What to work on:
Each entry below should be printed exactly, with every image left out.

Record excerpts:

BEGIN

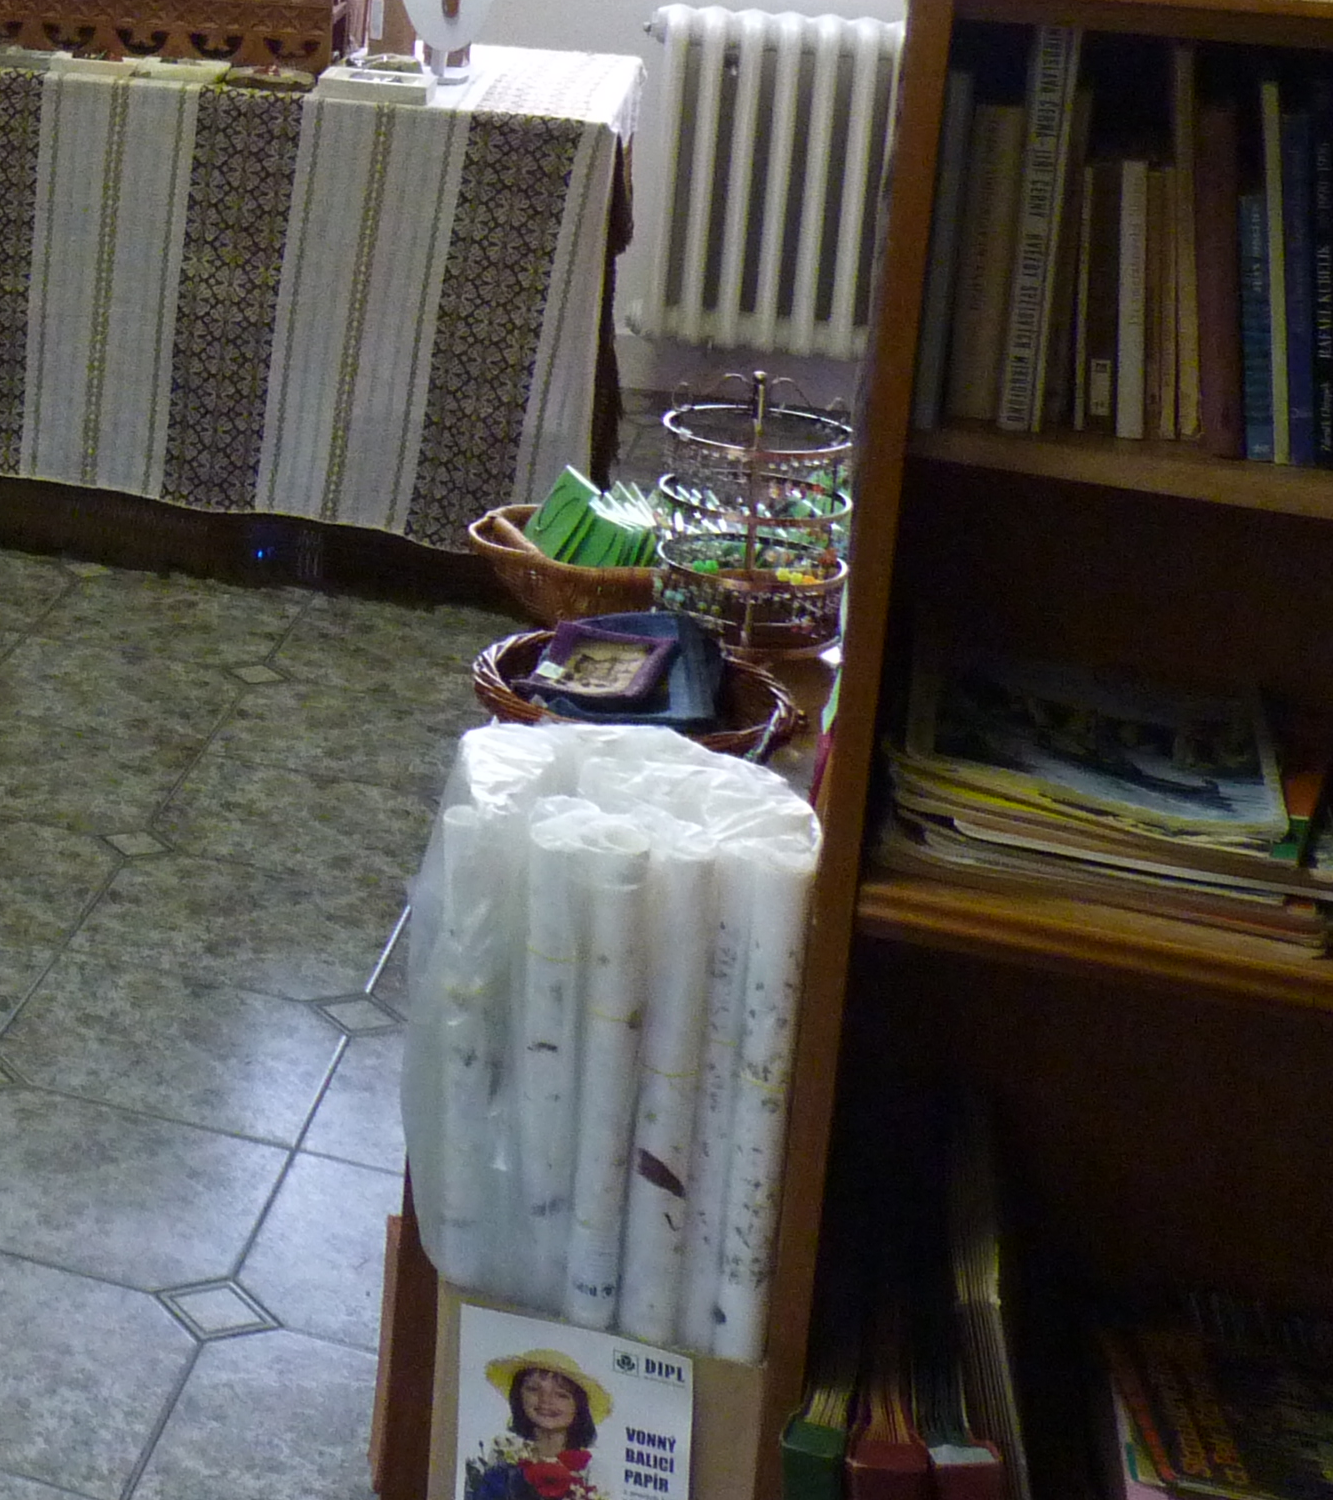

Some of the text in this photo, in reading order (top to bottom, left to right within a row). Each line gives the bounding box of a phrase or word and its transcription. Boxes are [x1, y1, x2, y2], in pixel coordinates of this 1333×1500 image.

[643, 1356, 686, 1383] DIPL
[625, 1425, 677, 1454] VONNÝ
[623, 1467, 669, 1493] PAPÍR
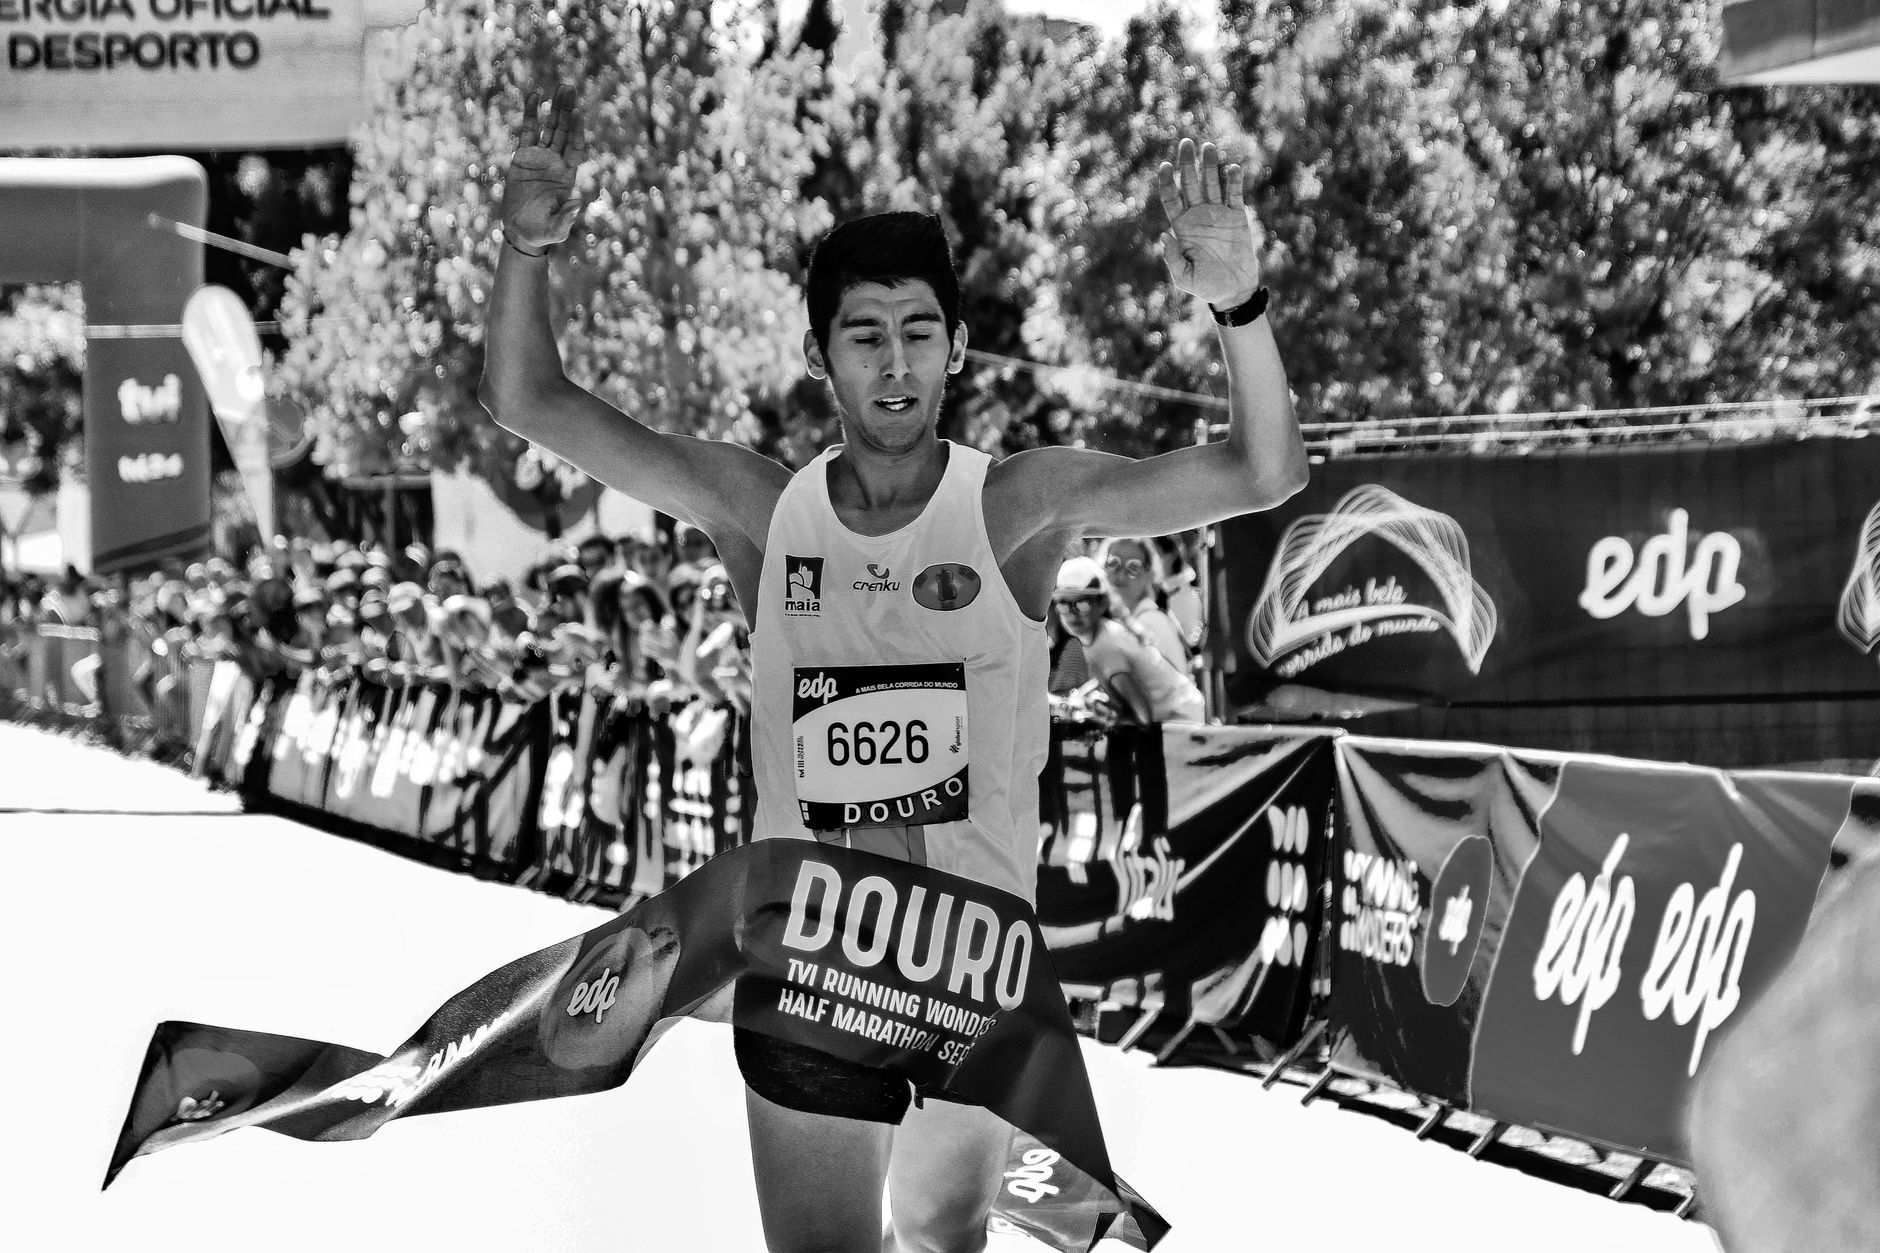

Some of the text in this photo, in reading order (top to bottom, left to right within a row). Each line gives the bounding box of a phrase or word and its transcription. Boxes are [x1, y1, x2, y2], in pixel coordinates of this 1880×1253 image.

[8, 31, 260, 70] DESPORTO
[1578, 507, 1746, 640] edp
[784, 598, 821, 612] maia
[797, 672, 838, 705] edp
[935, 681, 958, 689] MUNDO
[828, 720, 929, 766] 6626
[844, 777, 963, 823] DOURO
[782, 860, 1032, 1011] DOURO
[1532, 833, 1636, 1056] edp
[1640, 842, 1756, 1078] edp
[566, 968, 620, 1024] edp
[787, 958, 818, 986] TVI
[822, 968, 920, 1018] RUNNING
[777, 988, 829, 1023] HALF
[832, 1003, 940, 1052] MARATHON

END

Result of this task:
Some of the text in this photo, in reading order (top to bottom, left to right within a row). Each line gives the bounding box of a phrase or word and its transcription. Boxes are [x1, y1, x2, y2], in pixel coordinates of this 1333×1500 image.

[643, 1356, 686, 1383] DIPL
[625, 1425, 677, 1454] VONNÝ
[623, 1467, 669, 1493] PAPÍR

Some of the text in this photo, in reading order (top to bottom, left to right within a row). Each line gives the bounding box of a phrase or word and its transcription. Boxes are [x1, y1, x2, y2], in pixel coordinates of this 1880×1253 image.

[8, 31, 260, 70] DESPORTO
[1578, 507, 1746, 640] edp
[784, 598, 821, 612] maia
[797, 672, 838, 705] edp
[935, 681, 958, 689] MUNDO
[828, 720, 929, 766] 6626
[844, 777, 963, 823] DOURO
[782, 860, 1032, 1011] DOURO
[1532, 833, 1636, 1056] edp
[1640, 842, 1756, 1078] edp
[566, 968, 620, 1024] edp
[787, 958, 818, 986] TVI
[822, 968, 920, 1018] RUNNING
[777, 988, 829, 1023] HALF
[832, 1003, 940, 1052] MARATHON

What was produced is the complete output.